Would Such a Grabber Tool Be Interesting to Anyone Here?
A new web extension uses human input to solve captchas, enabling faster scraping of restricted sites like Gelbooru.
An independent developer, under the username Fdx_dy, has built a novel web browser extension to tackle a common problem in data scraping: AI-targeted captchas. Many popular image boards and repositories, such as Gelbooru and Rule34.us, have implemented sophisticated captcha systems that effectively ban fully automated 'grabber' or scraping tools. The developer's solution ingeniously keeps a human in the process. When the extension encounters a captcha wall during a scraping job, it pauses automation and displays the captcha for the user to solve manually. Once the human completes the verification, the tool seamlessly resumes its automated data collection.

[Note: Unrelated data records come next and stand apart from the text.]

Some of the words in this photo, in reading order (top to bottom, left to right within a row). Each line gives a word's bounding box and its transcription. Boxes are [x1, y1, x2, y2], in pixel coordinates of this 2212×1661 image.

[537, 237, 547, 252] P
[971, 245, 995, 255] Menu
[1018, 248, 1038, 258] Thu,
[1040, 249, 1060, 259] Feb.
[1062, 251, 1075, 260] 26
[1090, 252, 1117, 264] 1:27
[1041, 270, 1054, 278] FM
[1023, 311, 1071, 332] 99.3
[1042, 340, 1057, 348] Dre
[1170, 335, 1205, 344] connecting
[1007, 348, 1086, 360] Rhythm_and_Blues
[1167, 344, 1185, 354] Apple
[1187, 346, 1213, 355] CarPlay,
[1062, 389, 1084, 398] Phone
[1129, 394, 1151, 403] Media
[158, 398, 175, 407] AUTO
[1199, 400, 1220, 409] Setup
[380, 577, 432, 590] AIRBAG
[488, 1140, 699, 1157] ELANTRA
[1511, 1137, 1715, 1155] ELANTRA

This 'human-in-the-loop' hybrid approach offers a practical workaround. The developer is currently using it in a test regime to build datasets and reports being "pleasantly surprised by the speed gains." By handling all the repetitive navigation, link-following, and downloading automatically, and only interrupting for the one task that still requires human cognition, the tool dramatically accelerates the workflow compared to fully manual scraping. The post on a developer forum sought feedback on whether such a tool had been built before and if there was broader interest, highlighting a niche but persistent need in the data collection and AI training community where access to large, specific image datasets is valuable.
- Developer Fdx_dy built a browser extension that pauses scraping for human captcha solving, then resumes.
- Targets sites like Gelbooru and Rule34.us that ban automated tools with advanced captchas.
- Creator reports notable speed improvements for personal dataset creation using this hybrid method.
Why It Matters
It highlights a pragmatic, hybrid approach to data collection for AI training where full automation is blocked.